─── Provided information ───

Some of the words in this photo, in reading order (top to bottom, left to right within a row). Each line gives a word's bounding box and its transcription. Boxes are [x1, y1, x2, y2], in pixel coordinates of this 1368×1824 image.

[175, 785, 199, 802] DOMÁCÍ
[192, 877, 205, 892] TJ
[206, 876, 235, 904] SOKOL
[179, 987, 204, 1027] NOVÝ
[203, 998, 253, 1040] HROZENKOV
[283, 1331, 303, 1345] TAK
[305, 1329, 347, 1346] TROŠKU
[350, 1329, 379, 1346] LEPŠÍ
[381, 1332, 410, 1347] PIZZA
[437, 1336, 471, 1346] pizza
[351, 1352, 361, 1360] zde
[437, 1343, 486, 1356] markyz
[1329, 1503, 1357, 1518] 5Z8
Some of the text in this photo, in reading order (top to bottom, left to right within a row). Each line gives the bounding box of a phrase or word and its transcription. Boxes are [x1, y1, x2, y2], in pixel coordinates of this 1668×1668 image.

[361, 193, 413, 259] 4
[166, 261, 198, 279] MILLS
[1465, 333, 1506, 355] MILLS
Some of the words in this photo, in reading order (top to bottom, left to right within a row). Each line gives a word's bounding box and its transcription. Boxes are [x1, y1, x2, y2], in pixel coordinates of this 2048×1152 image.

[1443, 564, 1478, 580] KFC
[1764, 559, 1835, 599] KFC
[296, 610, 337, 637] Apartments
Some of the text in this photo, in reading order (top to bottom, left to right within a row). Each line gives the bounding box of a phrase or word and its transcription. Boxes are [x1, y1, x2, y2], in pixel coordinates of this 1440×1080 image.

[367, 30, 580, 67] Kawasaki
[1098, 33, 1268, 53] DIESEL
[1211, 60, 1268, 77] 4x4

───

→ **Assigned task**:
Your answer should contain every entry, transcribed exactly.

→ **Exercise result**:
Some of the words in this photo, in reading order (top to bottom, left to right within a row). Each line gives a word's bounding box and its transcription. Boxes are [x1, y1, x2, y2], in pixel coordinates of this 1368×1824 image.

[175, 785, 199, 802] DOMÁCÍ
[192, 877, 205, 892] TJ
[206, 876, 235, 904] SOKOL
[179, 987, 204, 1027] NOVÝ
[203, 998, 253, 1040] HROZENKOV
[283, 1331, 303, 1345] TAK
[305, 1329, 347, 1346] TROŠKU
[350, 1329, 379, 1346] LEPŠÍ
[381, 1332, 410, 1347] PIZZA
[437, 1336, 471, 1346] pizza
[351, 1352, 361, 1360] zde
[437, 1343, 486, 1356] markyz
[1329, 1503, 1357, 1518] 5Z8
Some of the text in this photo, in reading order (top to bottom, left to right within a row). Each line gives the bounding box of a phrase or word and its transcription. Boxes are [x1, y1, x2, y2], in pixel coordinates of this 1668×1668 image.

[361, 193, 413, 259] 4
[166, 261, 198, 279] MILLS
[1465, 333, 1506, 355] MILLS
Some of the words in this photo, in reading order (top to bottom, left to right within a row). Each line gives a word's bounding box and its transcription. Boxes are [x1, y1, x2, y2], in pixel coordinates of this 2048×1152 image.

[1443, 564, 1478, 580] KFC
[1764, 559, 1835, 599] KFC
[296, 610, 337, 637] Apartments
Some of the text in this photo, in reading order (top to bottom, left to right within a row). Each line gives the bounding box of a phrase or word and its transcription. Boxes are [x1, y1, x2, y2], in pixel coordinates of this 1440×1080 image.

[367, 30, 580, 67] Kawasaki
[1098, 33, 1268, 53] DIESEL
[1211, 60, 1268, 77] 4x4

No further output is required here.